**PROBLEM TO WORK ON:**
Once you have read the data below, print all of it exactly.
────────
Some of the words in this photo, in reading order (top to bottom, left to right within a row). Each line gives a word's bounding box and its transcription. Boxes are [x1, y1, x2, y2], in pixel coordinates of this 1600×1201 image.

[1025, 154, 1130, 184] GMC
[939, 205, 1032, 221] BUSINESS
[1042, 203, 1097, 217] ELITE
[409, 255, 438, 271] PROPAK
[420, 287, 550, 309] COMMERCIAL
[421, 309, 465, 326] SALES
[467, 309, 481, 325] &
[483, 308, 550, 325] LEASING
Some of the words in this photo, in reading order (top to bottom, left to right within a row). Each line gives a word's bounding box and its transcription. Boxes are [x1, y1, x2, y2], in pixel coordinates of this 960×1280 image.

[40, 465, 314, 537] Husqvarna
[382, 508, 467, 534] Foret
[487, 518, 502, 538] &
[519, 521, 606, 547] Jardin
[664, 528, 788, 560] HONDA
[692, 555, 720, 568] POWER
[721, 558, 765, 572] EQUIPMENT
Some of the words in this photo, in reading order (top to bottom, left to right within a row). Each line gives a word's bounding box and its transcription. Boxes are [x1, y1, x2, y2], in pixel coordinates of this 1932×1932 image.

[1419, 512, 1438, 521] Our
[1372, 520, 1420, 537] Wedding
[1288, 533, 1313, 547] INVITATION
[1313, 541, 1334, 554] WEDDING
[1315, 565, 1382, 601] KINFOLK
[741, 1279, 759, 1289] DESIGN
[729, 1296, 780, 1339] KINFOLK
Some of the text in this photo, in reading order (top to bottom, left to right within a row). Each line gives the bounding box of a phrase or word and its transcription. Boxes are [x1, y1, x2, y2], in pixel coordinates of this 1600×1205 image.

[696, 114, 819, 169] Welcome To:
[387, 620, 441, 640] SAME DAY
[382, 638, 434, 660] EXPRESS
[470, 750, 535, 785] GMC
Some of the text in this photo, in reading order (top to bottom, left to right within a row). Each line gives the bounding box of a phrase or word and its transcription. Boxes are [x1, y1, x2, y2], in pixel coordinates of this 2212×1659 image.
────────
**WRITTEN REPLY:**
Some of the words in this photo, in reading order (top to bottom, left to right within a row). Each line gives a word's bounding box and its transcription. Boxes are [x1, y1, x2, y2], in pixel coordinates of this 1600×1201 image.

[1025, 154, 1130, 184] GMC
[939, 205, 1032, 221] BUSINESS
[1042, 203, 1097, 217] ELITE
[409, 255, 438, 271] PROPAK
[420, 287, 550, 309] COMMERCIAL
[421, 309, 465, 326] SALES
[467, 309, 481, 325] &
[483, 308, 550, 325] LEASING
Some of the words in this photo, in reading order (top to bottom, left to right within a row). Each line gives a word's bounding box and its transcription. Boxes are [x1, y1, x2, y2], in pixel coordinates of this 960×1280 image.

[40, 465, 314, 537] Husqvarna
[382, 508, 467, 534] Foret
[487, 518, 502, 538] &
[519, 521, 606, 547] Jardin
[664, 528, 788, 560] HONDA
[692, 555, 720, 568] POWER
[721, 558, 765, 572] EQUIPMENT
Some of the words in this photo, in reading order (top to bottom, left to right within a row). Each line gives a word's bounding box and its transcription. Boxes are [x1, y1, x2, y2], in pixel coordinates of this 1932×1932 image.

[1419, 512, 1438, 521] Our
[1372, 520, 1420, 537] Wedding
[1288, 533, 1313, 547] INVITATION
[1313, 541, 1334, 554] WEDDING
[1315, 565, 1382, 601] KINFOLK
[741, 1279, 759, 1289] DESIGN
[729, 1296, 780, 1339] KINFOLK
Some of the text in this photo, in reading order (top to bottom, left to right within a row). Each line gives the bounding box of a phrase or word and its transcription. Boxes are [x1, y1, x2, y2], in pixel coordinates of this 1600×1205 image.

[696, 114, 819, 169] Welcome To:
[387, 620, 441, 640] SAME DAY
[382, 638, 434, 660] EXPRESS
[470, 750, 535, 785] GMC
Some of the text in this photo, in reading order (top to bottom, left to right within a row). Each line gives the bounding box of a phrase or word and its transcription. Boxes are [x1, y1, x2, y2], in pixel coordinates of this 2212×1659 image.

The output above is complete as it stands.